Items of news are to hand from Paul Young, Maesteg. The New Life Easter Camp for Postal Sunday School, aimed at teaching young people saved through this ministry, proved a blessing. Paul Young took the main teaching session and a desire to learn was seen in the eagerness of the young people. There were a number of opportunities for counselling, and it is believed that the Lord will use many of these young people in His service. A campaign was conducted by our brother in Caerau, Cardiff. The numbers of boys and girls increased as the fortnight progressed. A number of unsaved adults came in, and one lady was baptised during the second week. She had been saved some months previously. This small assembly really works hard and drew strength together during the mission.

Paul Young joined Paul Wilkes in a three day mission in the needy village of Blaen-garw. Three schools were visited and the children’s meetings were well attended. Twelve boys and girls were counselled for salvation. Prayer is needed for Paul Wilkes as he continues this pioneer work in Blaen-garw. A mission was held in Maesteg and in spite of problems, some positive results were seen. At 7 a.m. each morning, members of the assembly were gathered for prayer, and these early morning meetings are continuing twice each week. Some twenty unsaved adults come in to hear the gospel during the four days of actual meetings. No definite professions were made but prayer continues that blessing may come to Maesteg.

Devon. At Great Parks assembly, Paign-ton, one week’s children’s mission brought to a climax a six week campaign conducted by Maurice Newman, which included door to door visitation.

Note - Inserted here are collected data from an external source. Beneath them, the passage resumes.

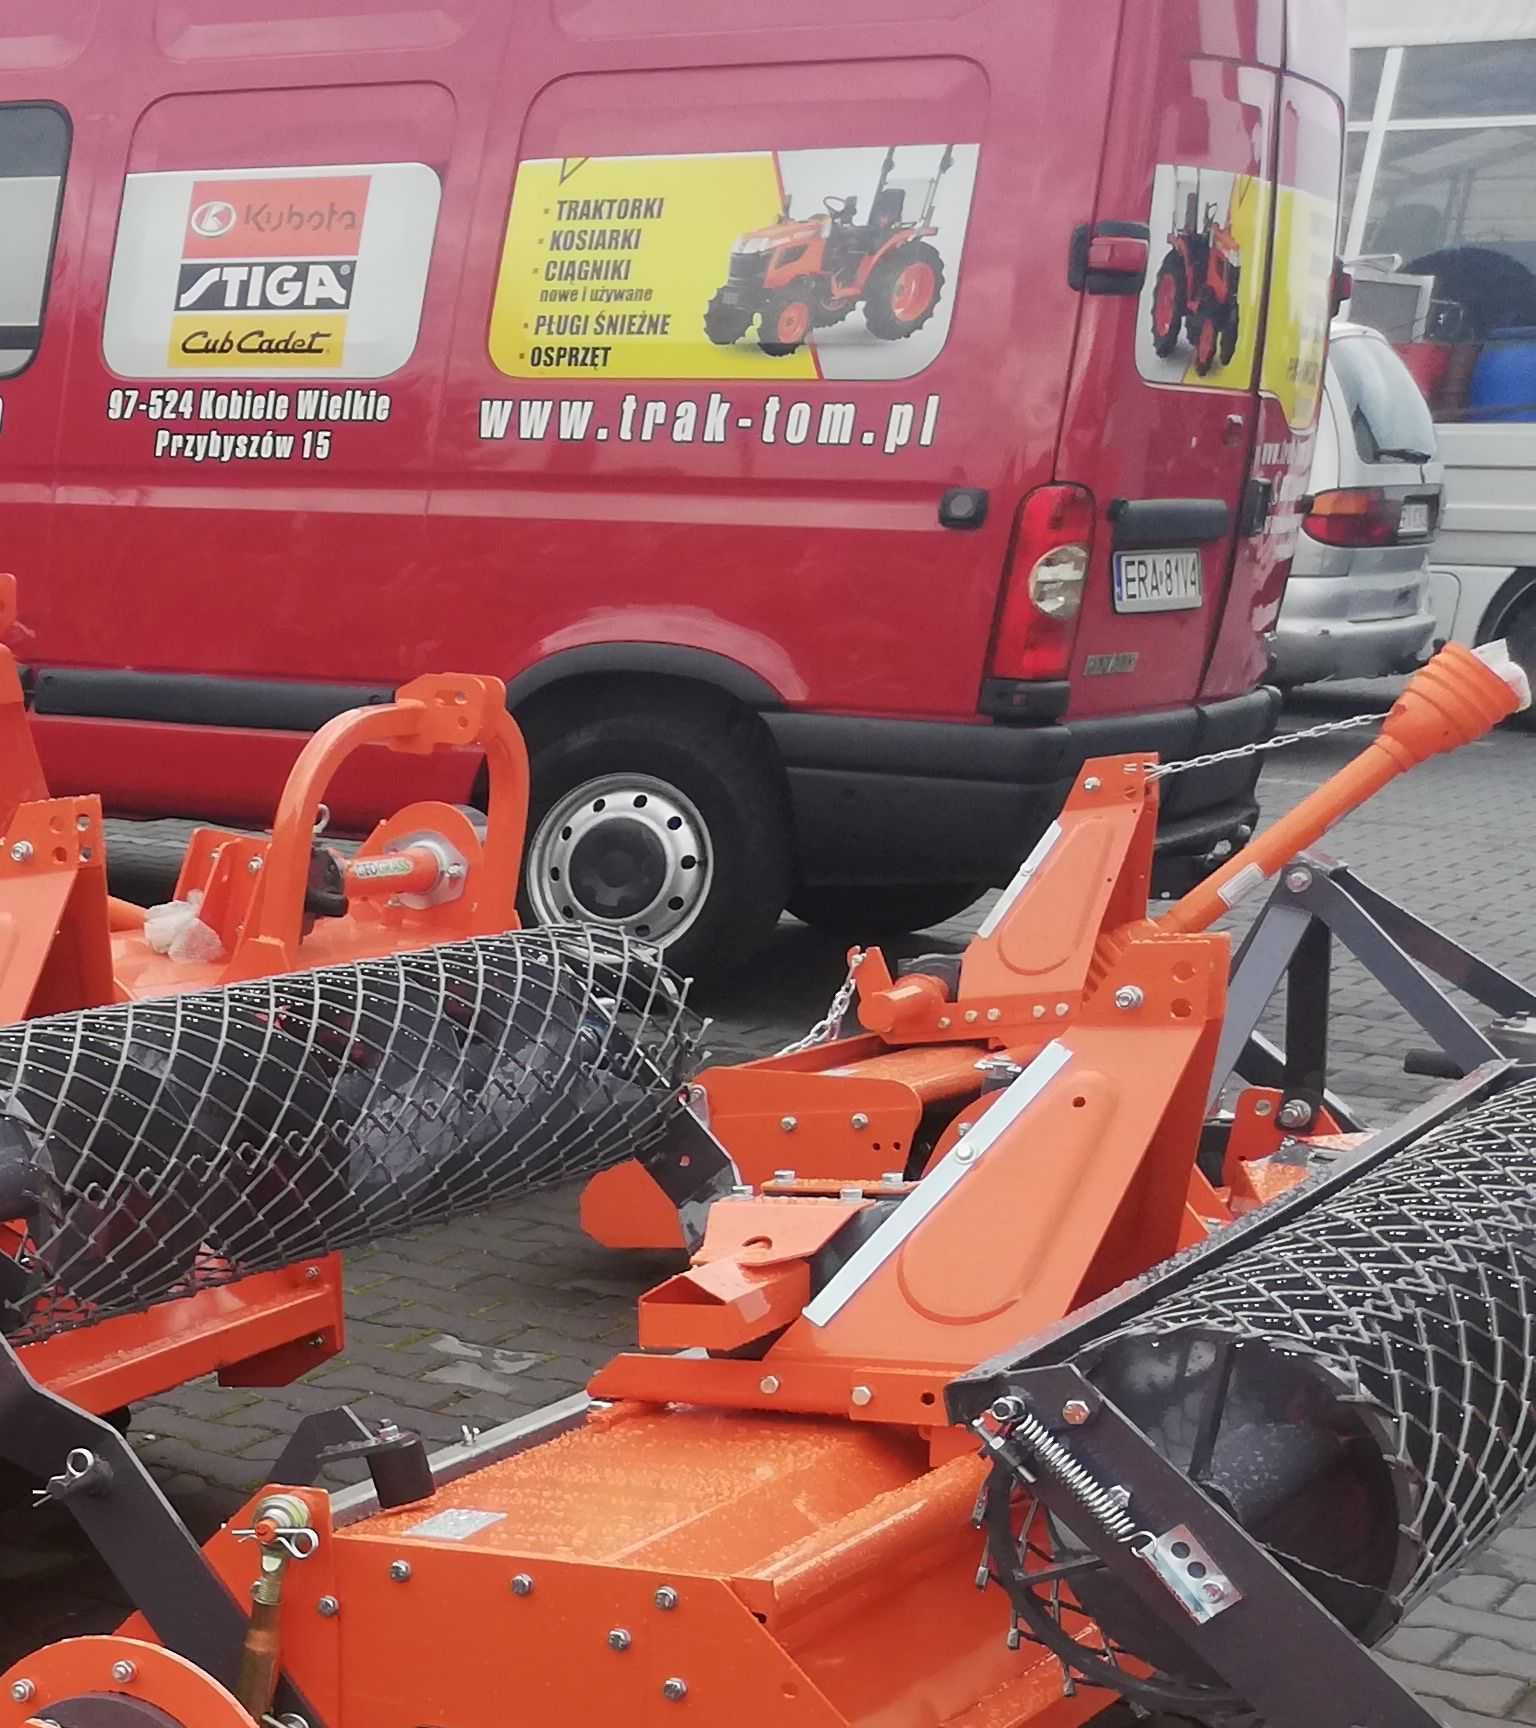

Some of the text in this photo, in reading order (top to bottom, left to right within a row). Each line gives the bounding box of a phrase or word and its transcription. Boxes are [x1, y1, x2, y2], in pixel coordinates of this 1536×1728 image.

[245, 202, 357, 232] Kubota
[556, 197, 665, 221] TRAKTORKI
[549, 228, 642, 251] KOSIARKI
[544, 259, 632, 284] CIĄGNIKI
[178, 264, 348, 308] STIGA
[539, 285, 653, 304] nowe i używane
[534, 310, 672, 336] PŁUGI ŚNIEŻNE
[181, 329, 332, 354] Cub Cadet
[530, 346, 612, 371] OSPRZĘT
[107, 390, 392, 421] 97-524 Kobiele Wielkie
[479, 393, 941, 453] www.trak-tom.pl
[154, 429, 332, 462] Przybyszów 15
[1125, 559, 1160, 599] ERA

This children’s work was conducted by Peter Smith and the numbers grew from 59 to 101. Seven schools were visited for morning assembly. A girl of 12 and a boy of 11, both came the following day to pass on the news of conversion. Some 25 children have joined the Sunday School since. During the campaign, a brother and sister, children of the elders, were baptised. At Tor Gospel Hall a teenage girl was baptised at the assembly, and this was a real encouragement to this small assembly.

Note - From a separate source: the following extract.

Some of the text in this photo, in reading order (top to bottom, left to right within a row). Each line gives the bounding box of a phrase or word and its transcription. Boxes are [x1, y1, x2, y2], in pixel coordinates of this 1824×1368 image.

Cornwall. A thanksgiving service was held at “Menadue”, nr. Tintagel – site of the Plymouth Camps. It was well attended and ample opportunity was given to view this excellent site and also the way it has been developed over the past five years. It was also an occasion to give God the glory for the great things He had done. It was in 1981 that the Plymouth Camp Committee came to the conclusion that the time was ripe to purchase a plot of farmland for the use of children’s camps in the summer months. After much prayer and viewing various properties, ‘‘Menadue” was considered to be the best available site. The whole story of purchase is one of the goodness of God. The total cost faced was £77,000. But many a work party set out in all sorts of weather to do the necessary renovations, including the laying of tons of cement as a good foundation for the cookhouse and dining area. So it was that as many gathered on July 5th. to celebrate God’s goodness, it was announced that all the £77,000 had been paid – not one single debt remained. So may the camps for this year and in the years, D.V., that follow, richly know God’s blessing – the God who works wonders.

We have news of the week-end Elephant Fair held at Germans. This fair attracted some 30,000 and was notorious for its involvement with the police, who arrested many suspected of possessing drugs. There is no doubt that the powers of evil were very much present, and Christians who sought to witness there spoke of the sinful atmosphere. Stan Burditt and his wife had a Christian Literature Stall there and were able to engage in many interesting conversations, but they also endured some ridicule as they witnessed. How sad the plight of those who sell themselves to Satan! A three weeks campaign was held at Saltash and the children’s meetings averaged about 60. A Holiday Bible Club was well attended. Not many adults came but there was good assembly support.